### Task details
Word for word, write out the entries that follow, omitting all pictures.
***** Provided records
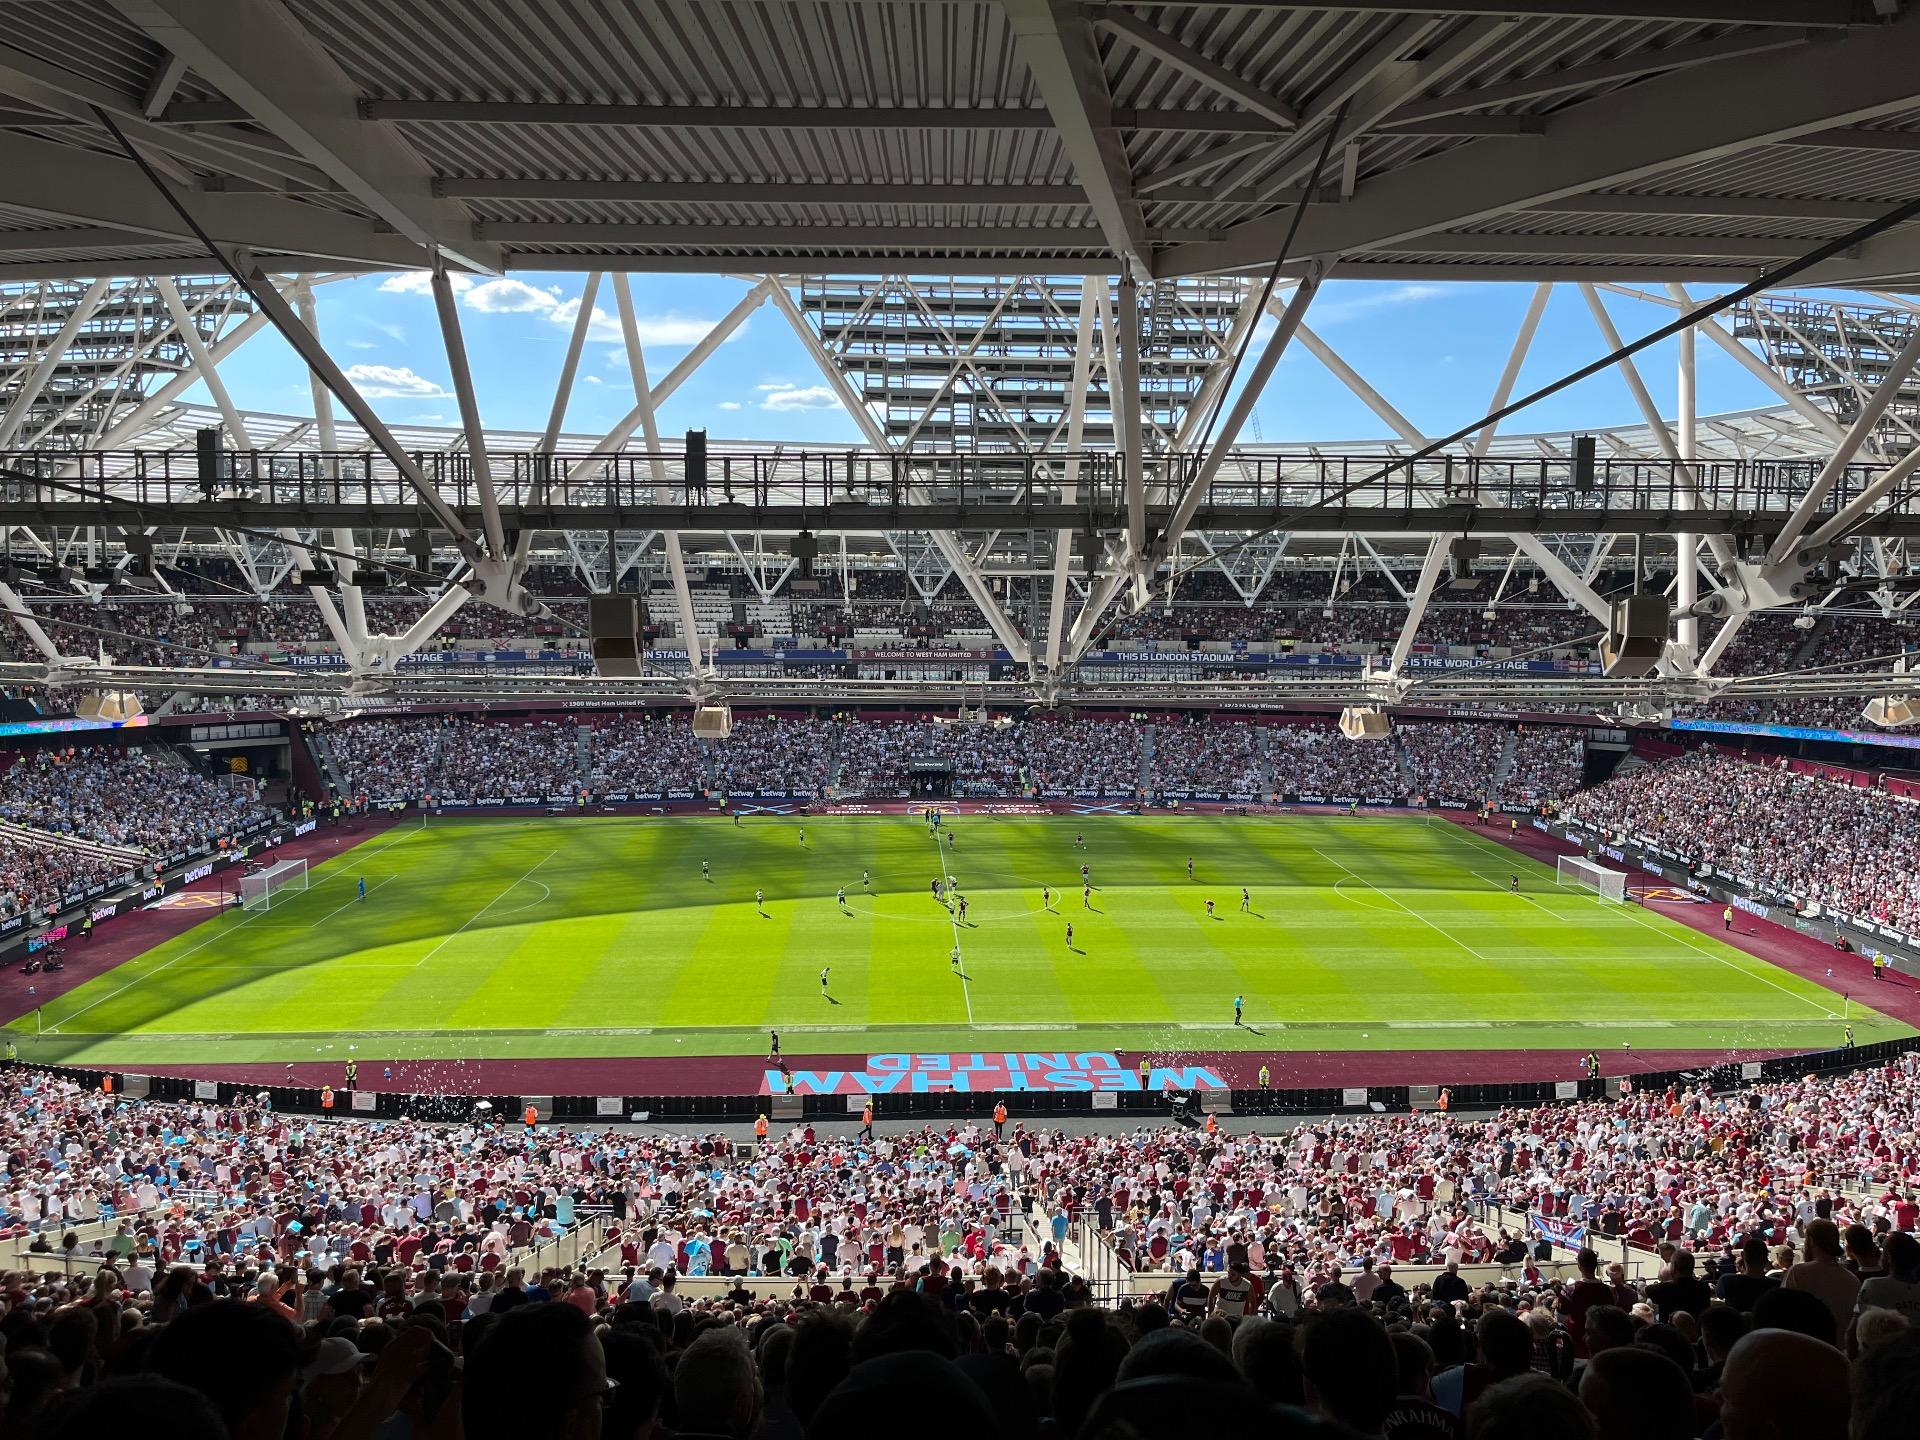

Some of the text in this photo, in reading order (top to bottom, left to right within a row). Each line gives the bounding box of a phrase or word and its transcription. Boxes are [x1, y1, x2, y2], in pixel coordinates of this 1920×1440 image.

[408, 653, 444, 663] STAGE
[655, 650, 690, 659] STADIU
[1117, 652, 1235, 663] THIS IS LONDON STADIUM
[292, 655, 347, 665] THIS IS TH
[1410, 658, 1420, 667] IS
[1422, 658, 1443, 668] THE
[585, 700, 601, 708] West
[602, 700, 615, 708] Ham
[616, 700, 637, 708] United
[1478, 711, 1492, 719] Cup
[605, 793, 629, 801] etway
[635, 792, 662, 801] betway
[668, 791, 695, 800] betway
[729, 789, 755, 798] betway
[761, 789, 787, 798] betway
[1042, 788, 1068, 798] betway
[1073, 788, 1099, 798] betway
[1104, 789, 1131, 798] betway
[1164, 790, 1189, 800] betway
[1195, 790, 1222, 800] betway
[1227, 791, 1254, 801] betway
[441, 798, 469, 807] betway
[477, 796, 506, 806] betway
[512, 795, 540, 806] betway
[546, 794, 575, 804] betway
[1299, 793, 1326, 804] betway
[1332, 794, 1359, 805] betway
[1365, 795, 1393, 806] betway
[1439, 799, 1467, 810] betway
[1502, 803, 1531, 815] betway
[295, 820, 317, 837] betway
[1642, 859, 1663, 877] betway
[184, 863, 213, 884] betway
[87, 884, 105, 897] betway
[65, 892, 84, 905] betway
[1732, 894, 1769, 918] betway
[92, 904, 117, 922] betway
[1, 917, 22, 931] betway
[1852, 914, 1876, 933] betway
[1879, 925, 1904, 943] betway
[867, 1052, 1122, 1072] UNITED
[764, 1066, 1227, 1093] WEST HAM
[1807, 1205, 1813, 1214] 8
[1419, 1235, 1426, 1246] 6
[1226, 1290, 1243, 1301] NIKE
**********
### Response area
Some of the text in this photo, in reading order (top to bottom, left to right within a row). Each line gives the bounding box of a phrase or word and its transcription. Boxes are [x1, y1, x2, y2], in pixel coordinates of this 1920×1440 image.

[408, 653, 444, 663] STAGE
[655, 650, 690, 659] STADIU
[1117, 652, 1235, 663] THIS IS LONDON STADIUM
[292, 655, 347, 665] THIS IS TH
[1410, 658, 1420, 667] IS
[1422, 658, 1443, 668] THE
[585, 700, 601, 708] West
[602, 700, 615, 708] Ham
[616, 700, 637, 708] United
[1478, 711, 1492, 719] Cup
[605, 793, 629, 801] etway
[635, 792, 662, 801] betway
[668, 791, 695, 800] betway
[729, 789, 755, 798] betway
[761, 789, 787, 798] betway
[1042, 788, 1068, 798] betway
[1073, 788, 1099, 798] betway
[1104, 789, 1131, 798] betway
[1164, 790, 1189, 800] betway
[1195, 790, 1222, 800] betway
[1227, 791, 1254, 801] betway
[441, 798, 469, 807] betway
[477, 796, 506, 806] betway
[512, 795, 540, 806] betway
[546, 794, 575, 804] betway
[1299, 793, 1326, 804] betway
[1332, 794, 1359, 805] betway
[1365, 795, 1393, 806] betway
[1439, 799, 1467, 810] betway
[1502, 803, 1531, 815] betway
[295, 820, 317, 837] betway
[1642, 859, 1663, 877] betway
[184, 863, 213, 884] betway
[87, 884, 105, 897] betway
[65, 892, 84, 905] betway
[1732, 894, 1769, 918] betway
[92, 904, 117, 922] betway
[1, 917, 22, 931] betway
[1852, 914, 1876, 933] betway
[1879, 925, 1904, 943] betway
[867, 1052, 1122, 1072] UNITED
[764, 1066, 1227, 1093] WEST HAM
[1807, 1205, 1813, 1214] 8
[1419, 1235, 1426, 1246] 6
[1226, 1290, 1243, 1301] NIKE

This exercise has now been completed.